WHAT NEEDS TO BE DONE: Every entry below is to be copied exactly, apart from any picture it holds.
Start of Block
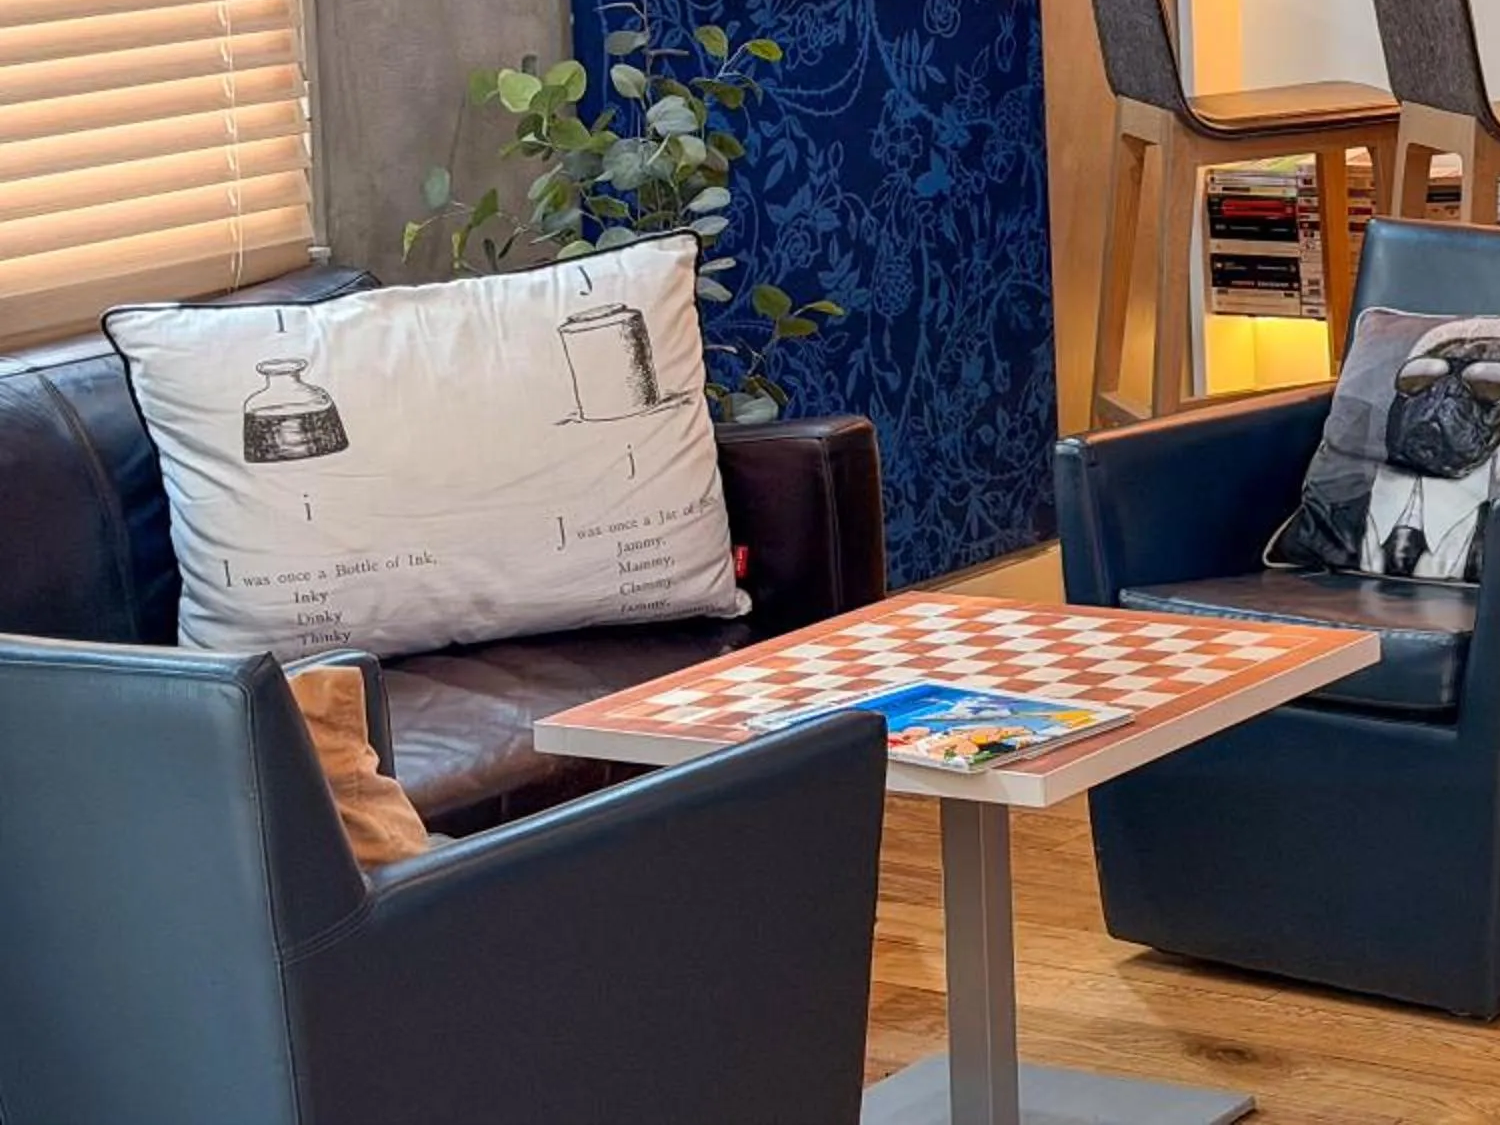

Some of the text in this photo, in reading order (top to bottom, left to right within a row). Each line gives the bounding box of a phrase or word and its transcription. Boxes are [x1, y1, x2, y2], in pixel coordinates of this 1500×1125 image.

[303, 493, 313, 521] i
[243, 575, 270, 587] was
[277, 572, 311, 584] once
[318, 569, 327, 579] a
[335, 559, 378, 578] Bottle
[385, 556, 399, 570] of
[293, 589, 329, 604] Inky
[297, 610, 343, 626] Dinky
[300, 631, 351, 646] Thinky
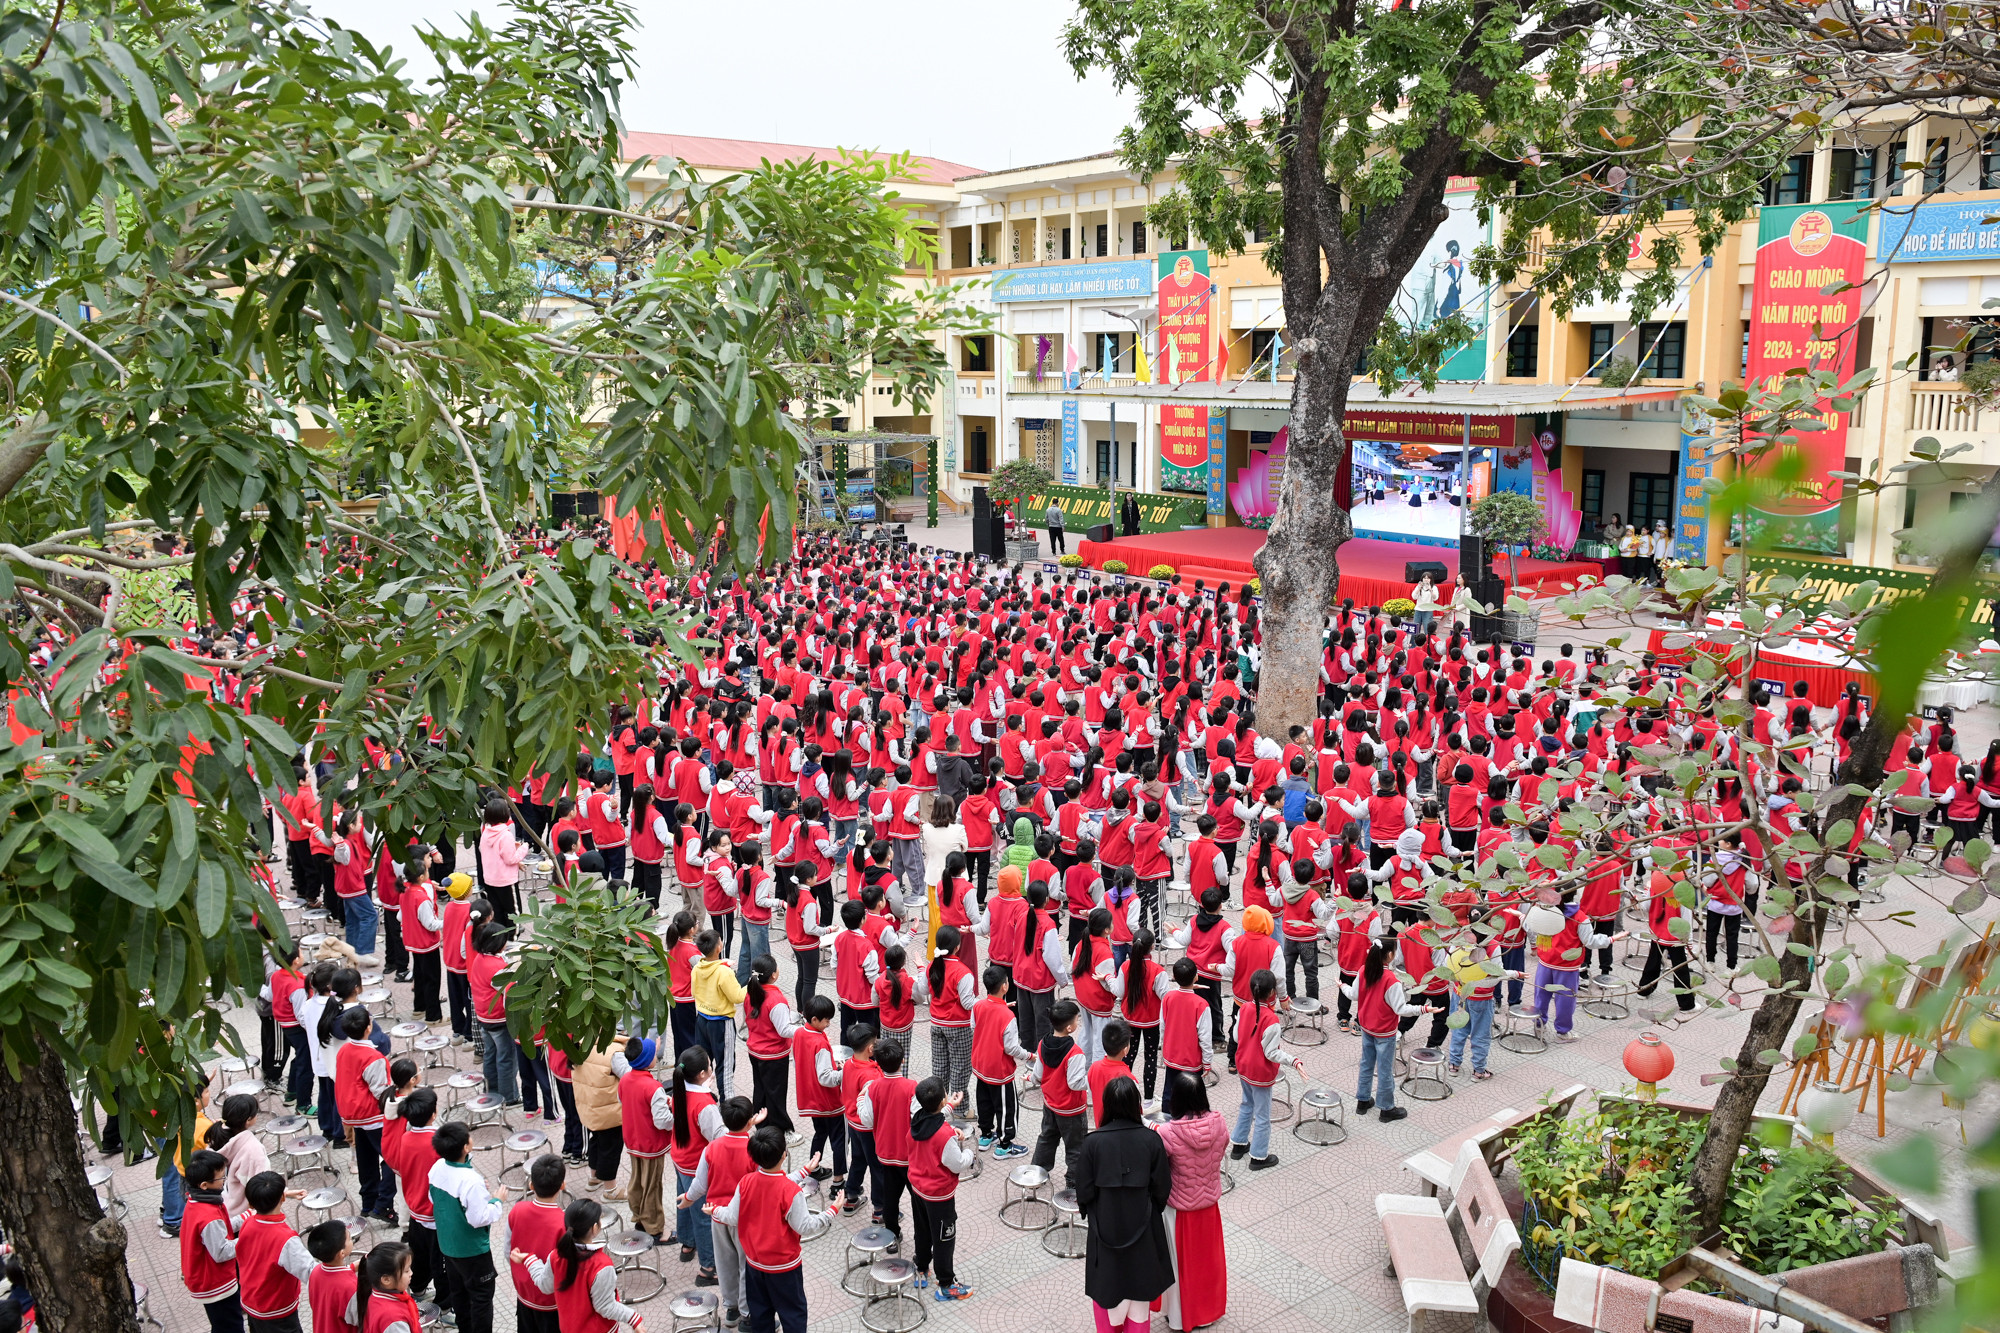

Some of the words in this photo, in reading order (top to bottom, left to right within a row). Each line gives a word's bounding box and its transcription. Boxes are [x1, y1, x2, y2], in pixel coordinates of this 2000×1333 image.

[1904, 234, 1927, 256] HỌC
[1930, 226, 1947, 251] ĐỂ
[1948, 225, 1977, 250] HIỂU
[1978, 225, 2000, 249] BIẾ
[1013, 282, 1036, 296] NHỮNG
[1038, 281, 1048, 294] LỜI
[1050, 281, 1064, 294] HAY,
[1066, 280, 1081, 293] LÀM
[1083, 276, 1106, 292] NHIỀU
[1107, 276, 1124, 294] VIỆC
[1126, 273, 1140, 290] TỐT
[1770, 266, 1802, 289] CHÀO
[1195, 313, 1207, 328] HỌC
[1761, 301, 1789, 324] NĂM
[1792, 304, 1818, 328] HỌC
[1821, 301, 1848, 324] MỚI
[1763, 340, 1793, 359] 2024
[1804, 340, 1837, 360] 2025
[1182, 422, 1196, 438] QUỐC
[1196, 426, 1206, 438] GIA
[1352, 417, 1376, 432] TRĂM
[1377, 418, 1398, 434] NĂM
[1399, 419, 1413, 435] THÌ
[1415, 419, 1436, 436] PHẢI
[1470, 422, 1501, 439] NGƯỜI
[1193, 445, 1198, 456] 2
[1686, 464, 1705, 479] TÍCH
[1685, 486, 1704, 501] CỰC
[1149, 500, 1174, 525] TỐT
[1683, 524, 1701, 539] TẠO
[1762, 682, 1771, 692] ỚP
[1772, 684, 1781, 694] 4D
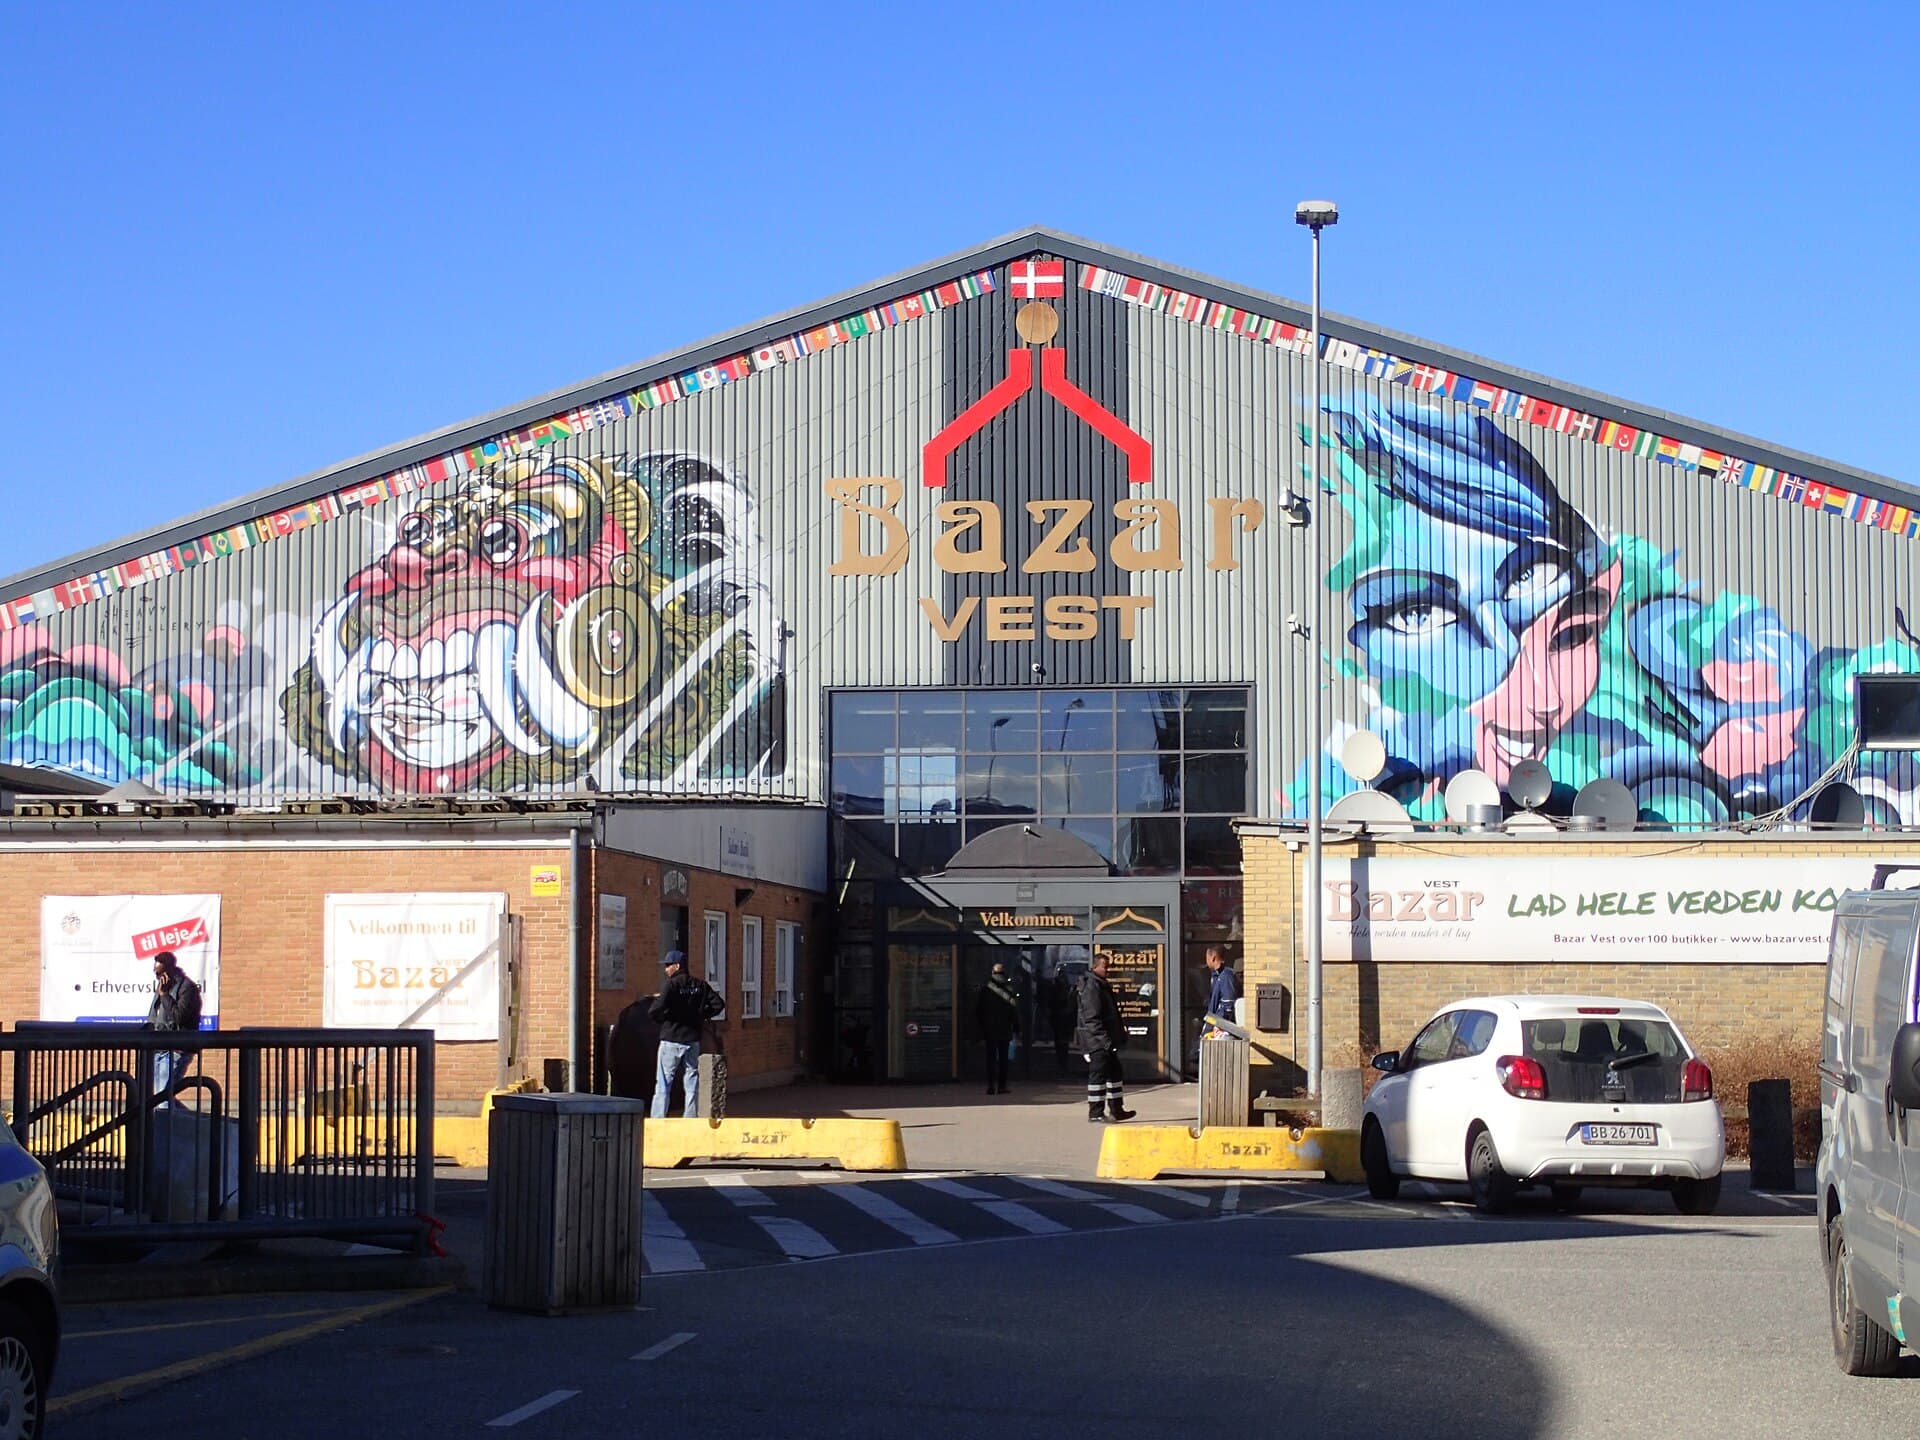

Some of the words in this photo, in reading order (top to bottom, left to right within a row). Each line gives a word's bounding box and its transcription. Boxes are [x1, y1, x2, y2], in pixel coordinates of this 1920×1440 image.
End of Block
WORKED SOLUTION:
Some of the text in this photo, in reading order (top to bottom, left to right within a row). Each line gives the bounding box of a phrase or word and its transcription. Boxes are [x1, y1, x2, y2], in pixel coordinates of this 1500×1125 image.

[303, 493, 313, 521] i
[243, 575, 270, 587] was
[277, 572, 311, 584] once
[318, 569, 327, 579] a
[335, 559, 378, 578] Bottle
[385, 556, 399, 570] of
[293, 589, 329, 604] Inky
[297, 610, 343, 626] Dinky
[300, 631, 351, 646] Thinky

Some of the words in this photo, in reading order (top to bottom, left to right within a row). Each line gives a word's bounding box and its transcription. Boxes are [x1, y1, x2, y2], in pixel coordinates of this 2000×1333 image.

[1904, 234, 1927, 256] HỌC
[1930, 226, 1947, 251] ĐỂ
[1948, 225, 1977, 250] HIỂU
[1978, 225, 2000, 249] BIẾ
[1013, 282, 1036, 296] NHỮNG
[1038, 281, 1048, 294] LỜI
[1050, 281, 1064, 294] HAY,
[1066, 280, 1081, 293] LÀM
[1083, 276, 1106, 292] NHIỀU
[1107, 276, 1124, 294] VIỆC
[1126, 273, 1140, 290] TỐT
[1770, 266, 1802, 289] CHÀO
[1195, 313, 1207, 328] HỌC
[1761, 301, 1789, 324] NĂM
[1792, 304, 1818, 328] HỌC
[1821, 301, 1848, 324] MỚI
[1763, 340, 1793, 359] 2024
[1804, 340, 1837, 360] 2025
[1182, 422, 1196, 438] QUỐC
[1196, 426, 1206, 438] GIA
[1352, 417, 1376, 432] TRĂM
[1377, 418, 1398, 434] NĂM
[1399, 419, 1413, 435] THÌ
[1415, 419, 1436, 436] PHẢI
[1470, 422, 1501, 439] NGƯỜI
[1193, 445, 1198, 456] 2
[1686, 464, 1705, 479] TÍCH
[1685, 486, 1704, 501] CỰC
[1149, 500, 1174, 525] TỐT
[1683, 524, 1701, 539] TẠO
[1762, 682, 1771, 692] ỚP
[1772, 684, 1781, 694] 4D

Some of the words in this photo, in reading order (top to bottom, left to right within a row). Each line gives a word's bounding box and its transcription. Boxes are [x1, y1, x2, y2], in pixel coordinates of this 1920×1440 image.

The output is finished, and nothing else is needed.